Mathieu Gallet, l’ascension brisée du PDG de Radio France

Le jeune PDG de Radio France, âgé de 41 ans, chute brutalement après une carrière météoritique menée tambour battant. Retour sur ce personnage de Balzac, à part dans le paysage des médias français.

 

Le couperet est tombé. Le Conseil supérieur de l’audiovisuel (CSA) a annoncé mercredi 31 janvier avoir décidé de retirer son mandat au président de Radio France, Mathieu Gallet, à compter du 1er mars 2018. Une décision qui fait suite à la condamnation, le 15 janvier dernier, du jeune président de Radio France, âgé de 41 ans, à un an de prison avec sursis et 20 000 euros d’amende pour favoritisme dans le cadre de ses anciennes fonctions de président de l’INA (Institut national de l’audiovisuel). Le tribunal de Créteil a atténué les réquisitions du parquet. Ce dernier avait requis dix-huit mois de prison avec sursis et 40 000 euros d’amende le 16 novembre dernier. Au cœur du procès, de généreuses commandes (400 000 euros) passées à des sociétés de conseil, Roland Berger Strategy Consultants et les sociétés Balises et Opionion Way liées au communiquant Denis Pingaud. Des commandes passées en-dehors des règles qui s’appliquent aux marchés publics, selon le parquet. Les avocats de Mathieu Gallet avaient annoncé leur intention de faire appel.

« Le petit marquis »

La carrière météoritique du président de Radio France s’est imposée plusieurs fois dans l’actualité. Le « jeune homme », son surnom au sein des cabinets, ou le « petit marquis », le sobriquet qui vient à la bouche de ses critiques, a essuyé des tempêtes. L’affaire de son bureau restauré pour 104 000 euros – moquette et boiseries de palissandre  -, au sommet de la maison ronde, est arrivée au moment de la tourmente médiatique et de la grève la plus longue de l’histoire de Radio France. Attaqué par Le Canard enchaîné, enfoncé par la Cour des comptes sur cette affaire de bureau, il a finalement été blanchi par un rapport de l’inspection générale des Finances en avril 2015. Les dépenses étaient justifiées, a tranché l’organisme. « Pour moi, cela remet les choses au carré : on me rétablit dans ma vérité », lâchait-il à Challenges qui lui consacrait un portrait en décembre 2016. À l’époque, il ne confesse aucune erreur. « Mon âge, ma gueule, ça n’allait pas », dit-il. A-t-il songé à démissionner ? « Jamais. Ceux qui ont pensé cela me connaissent mal. » Sur lui, tout glisse. Il a passé l’épreuve du feu, les attaques se sont tues.

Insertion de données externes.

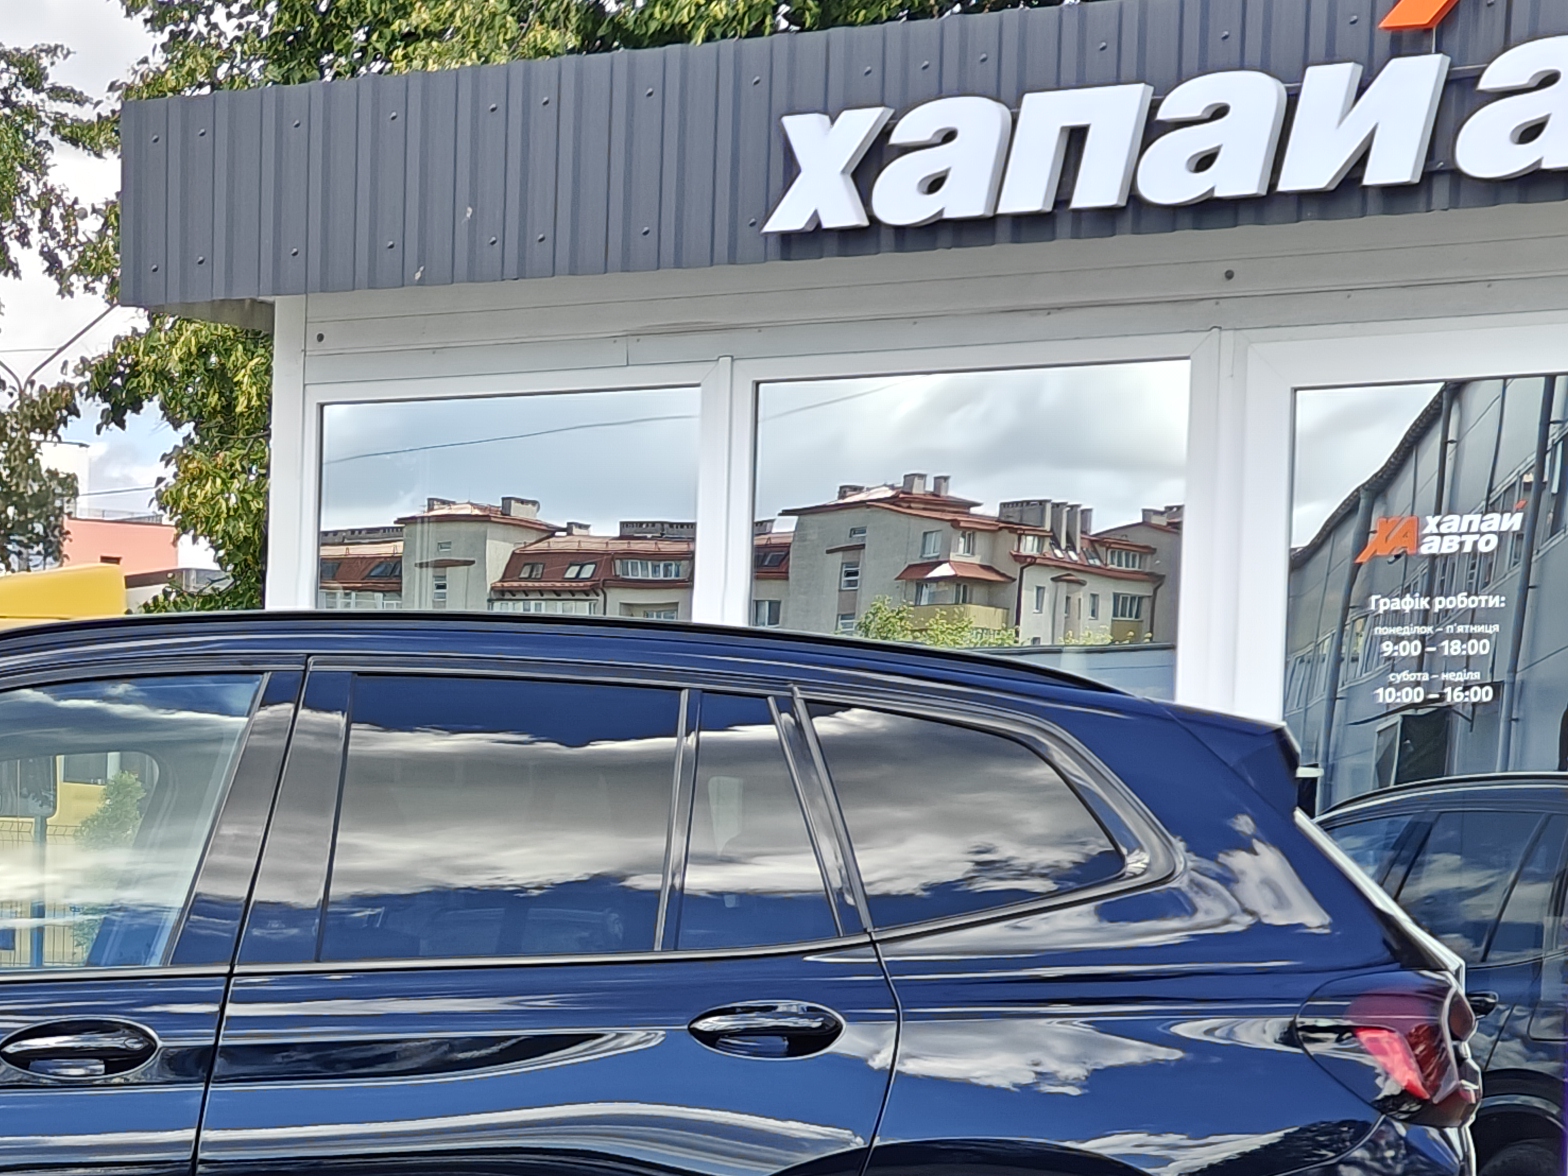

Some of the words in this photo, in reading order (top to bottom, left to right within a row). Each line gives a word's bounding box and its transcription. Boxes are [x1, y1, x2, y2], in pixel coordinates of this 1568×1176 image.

[1422, 500, 1528, 534] хапай
[1420, 533, 1499, 555] авто
[1369, 593, 1430, 613] Графік
[1434, 592, 1506, 612] роботи:
[1374, 624, 1434, 636] понеділок
[1381, 641, 1422, 657] 9:00
[1442, 639, 1490, 656] 18:00
[1389, 670, 1429, 683] субота
[1442, 670, 1481, 682] неділя
[1374, 687, 1424, 703] 10:00
[1444, 686, 1494, 702] 16:00

À l’époque, pour éteindre le mouvement, l’État a recapitalisé l’entreprise. Mais le jeune patron, dont on louait le dynamisme et la vision lors de son élection par le CSA, est condamné à la prudence et au statu quo. « L’incontestable réussite de France Inter porte l’image du groupe tout entier, estime un patron de radio rival. Mais la grève l’a contraint à abandonner toute réforme. » La grève a eu raison du point fort de son projet: la suppression de 250 à 330 postes via des départs volontaires pour générer jusqu’à 24 millions d’euros d’économies en 2017 et recouvrer l’équilibre.

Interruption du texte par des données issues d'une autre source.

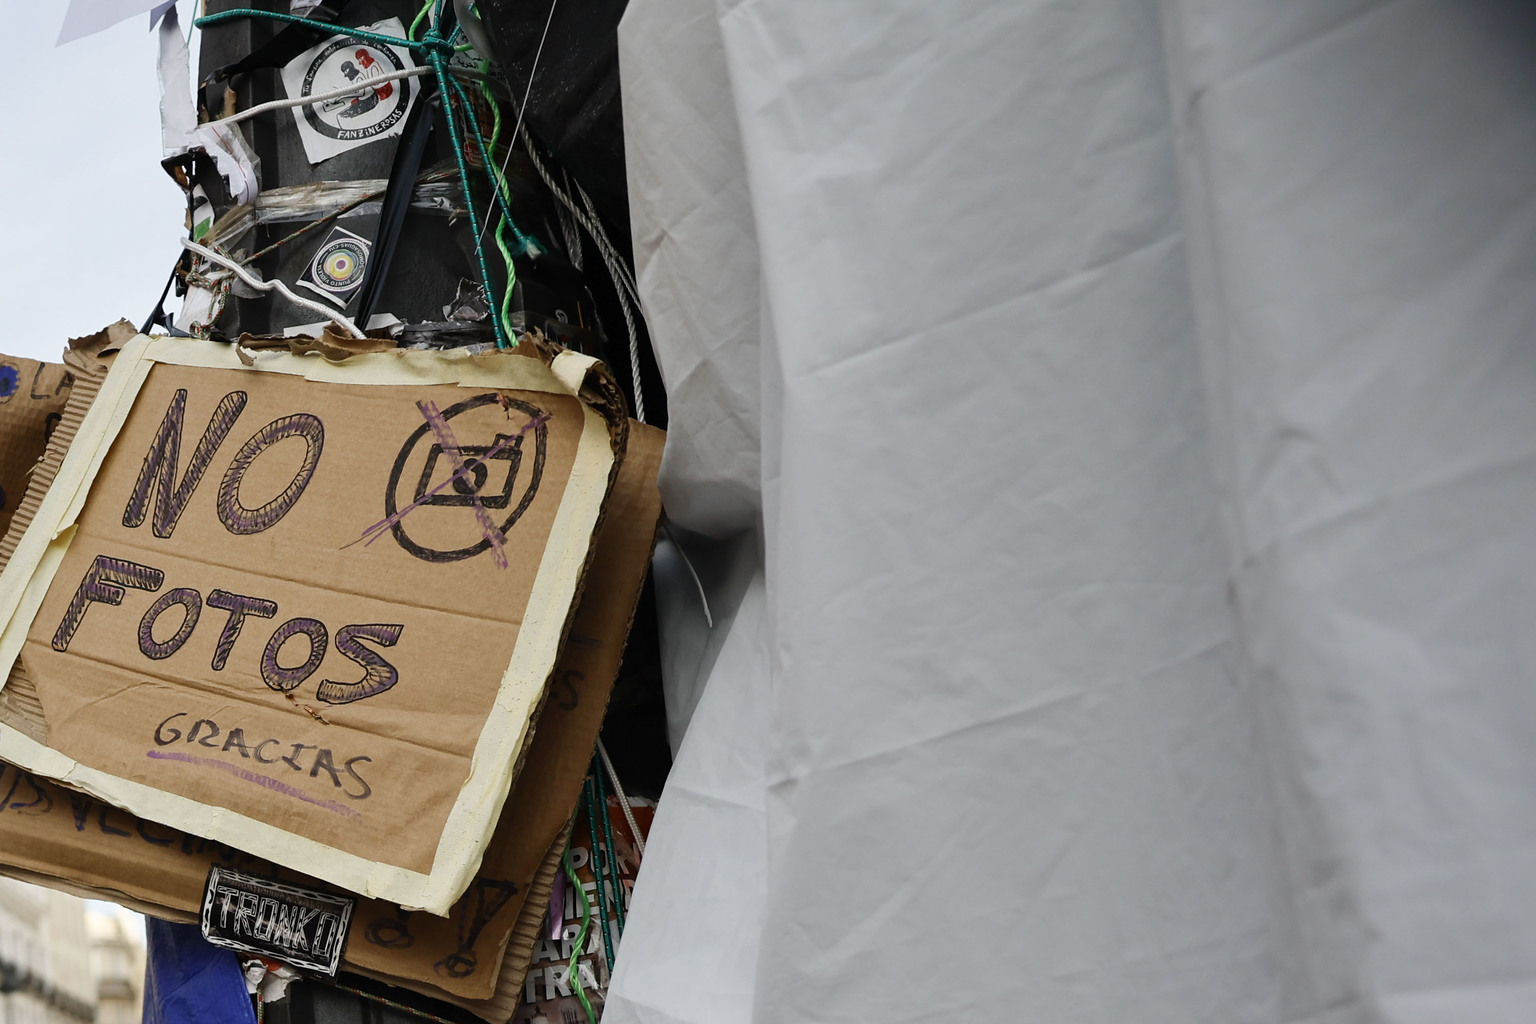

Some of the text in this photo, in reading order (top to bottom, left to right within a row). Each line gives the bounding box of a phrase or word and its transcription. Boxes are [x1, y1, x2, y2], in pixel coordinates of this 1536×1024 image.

[122, 388, 325, 538] NO
[51, 554, 404, 704] FOTOS
[154, 713, 373, 800] GRACIAS
[217, 885, 341, 962] TRONKO

De Villeneuve sur Lot au sommet de Radio France

Quel chemin parcouru par ce jeune provincial venu s’installer dans le fauteuil de Jacqueline Baudrier, Roland Faure, Jean-Paul Cluzel ou Jean-Marie Cavada, anciens présidents de Radio France ! Il a surmonté le déterminisme de ses origines – des ancêtres agriculteurs venus de Vénétie (on prononçait là-bas « Galett ») dans les années 1930 qui concrétisent leur ascension sociale en acquérant la maison du notaire de Monflanquin, entre Périgord et Agenais, dans les années 1960. La contrainte de la profession relativement modeste de ses parents, un agent commercial et une fonctionnaire.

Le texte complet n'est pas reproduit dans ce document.